Minnesota is at the center of U.S. potato production. The industry has three main segments: fresh market, seed, and processing for chips, fries, and dehydrated foods. Minnesota, North Dakota, Michigan, and Wisconsin are big in all three. The region produces almost a third of all potatoes grown in the country, supports a huge processing industry that adds about $500 million a year to Minnesota's economy, and grows almost half of the seed potatoes used in the U.S. The country's largest potato farming operation is in Minnesota.
U of M plant scientists have been improving potatoes since 1919. Today, researchers from horticulture, entomology, plant pathology, and soil science team up to improve yield, pest resistance, and quality. Culinary, storability, and nutritional traits are also emphasized, such as flavinoids that reduce risk of prostate cancer and optic impairments. Graduate students learn by working on these interdisciplinary projects, and help solve multiple problems simultaneously.
While an ideal food, the potato plant is susceptible to more than its share of diseases - blight, viruses, wilt, scab - and the foliage is a delicacy for insects. For example, besides causing direct damage, aphids quickly spread plant diseases from field to field. A high intensity research effort is now under way to control late blight and two viruses that have reached epidemic proportions, reducing Minnesota's seed potato business by 40 percent in the last five years. The problem is complex, and investigators seek answers that will reduce the need for chemical inputs.
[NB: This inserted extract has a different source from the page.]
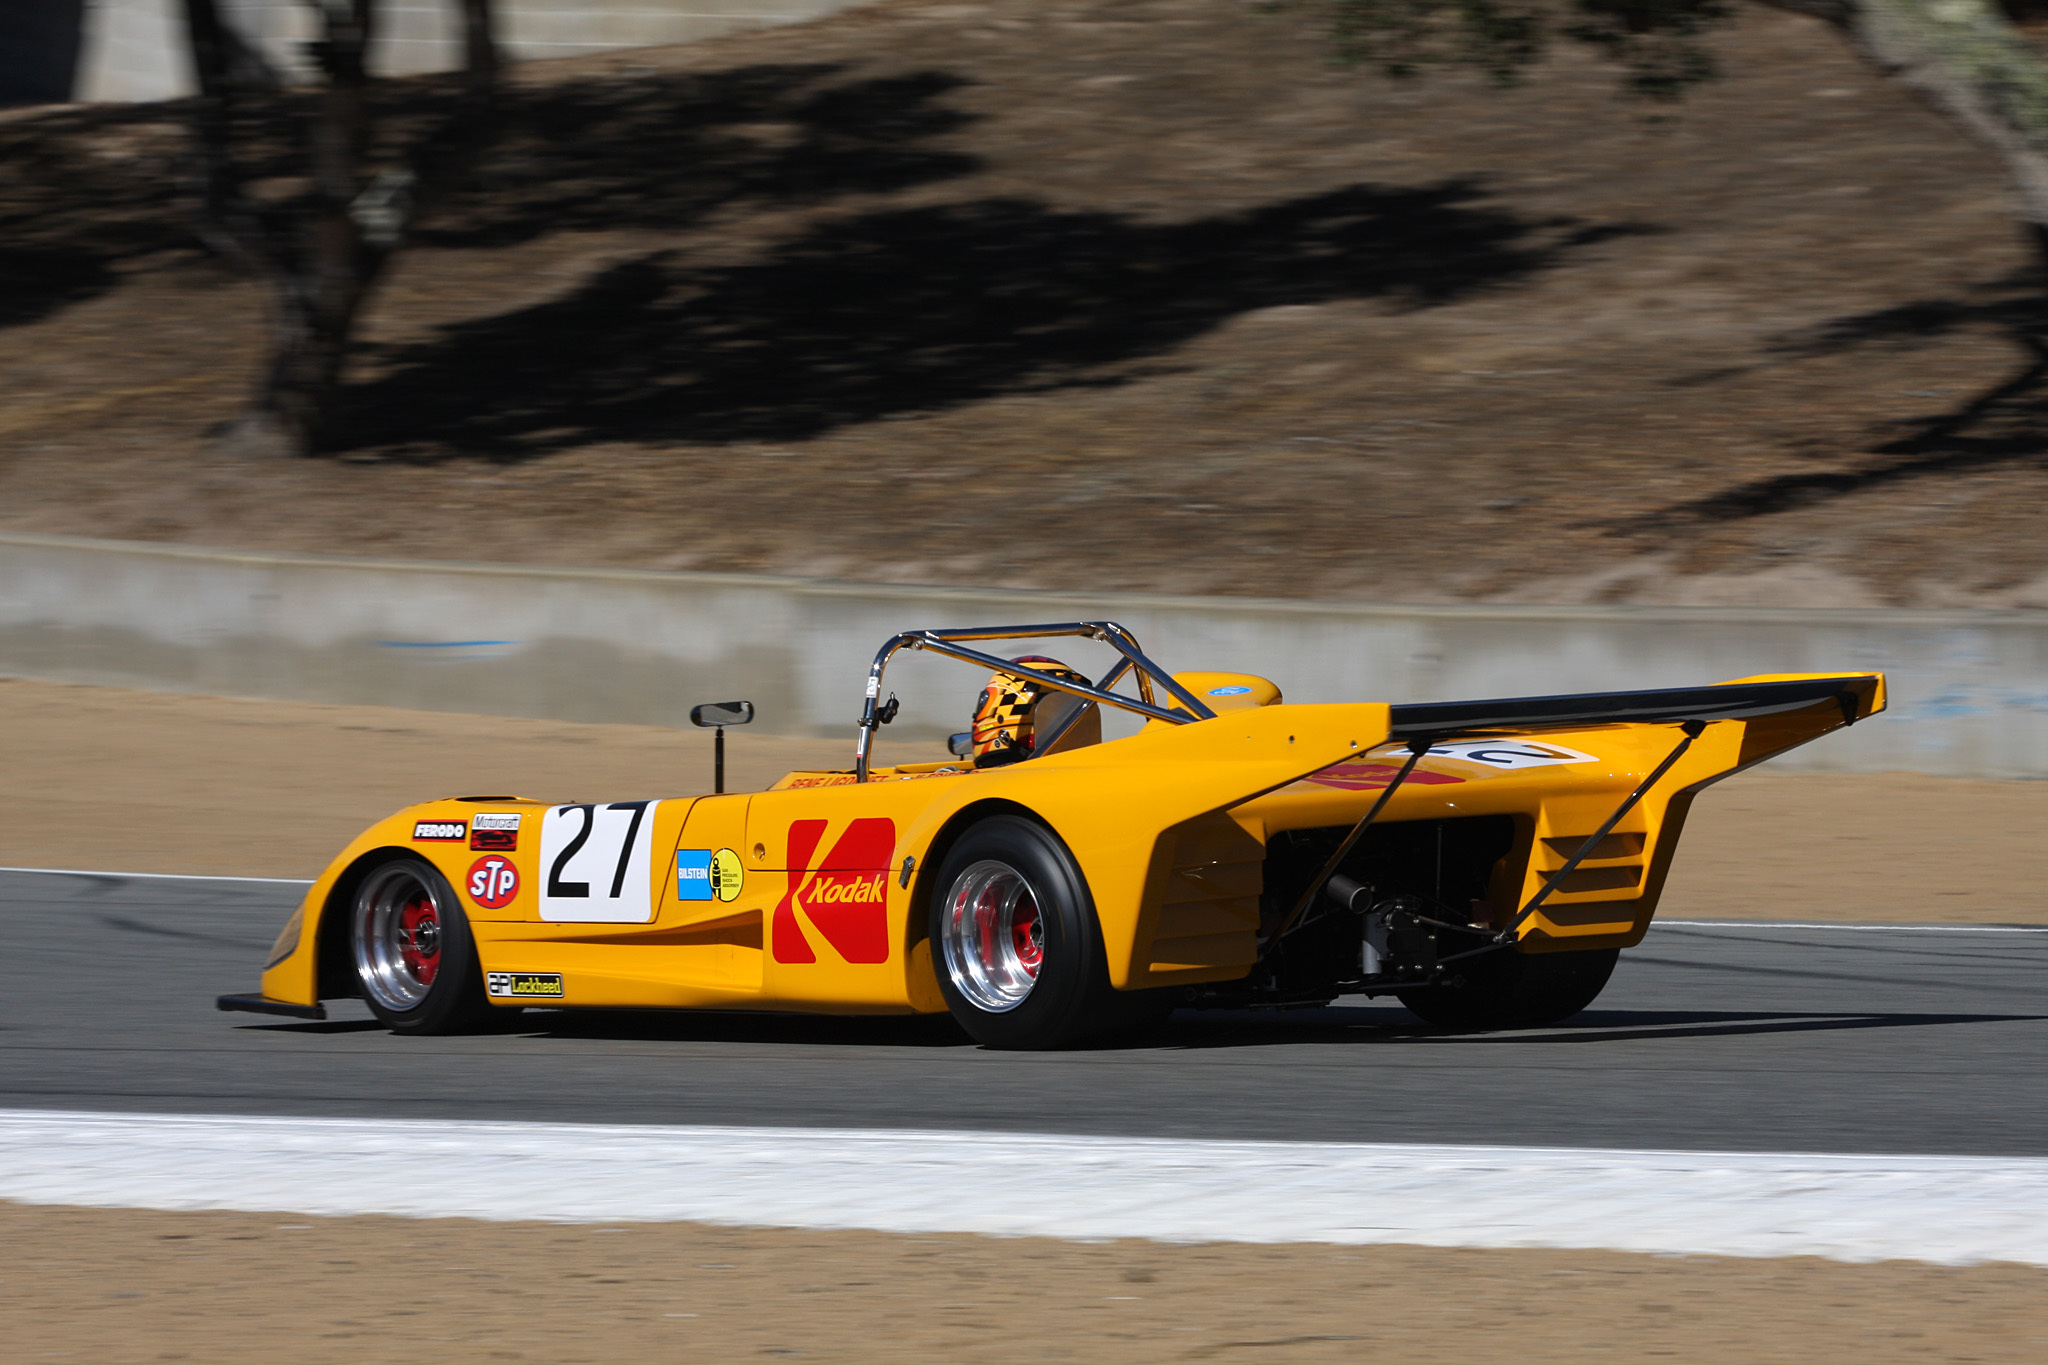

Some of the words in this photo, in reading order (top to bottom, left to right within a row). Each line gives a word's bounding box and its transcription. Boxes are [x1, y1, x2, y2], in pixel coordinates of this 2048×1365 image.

Potatoes are grown in three areas of Minnesota: under irrigation on the sandy soils from Elk River to Park Rapids, on the rich soils of the Red River Valley from Fergus Falls north to Canada, and on peat soils near Albert Lea.
Researchers have aphid traps on the borders of potato fields throughout Minnesota. If and when counts reach the threshold of causing economic damage, producers are alerted and take control measures. Upper left, reseachers harvest field plots at Morris.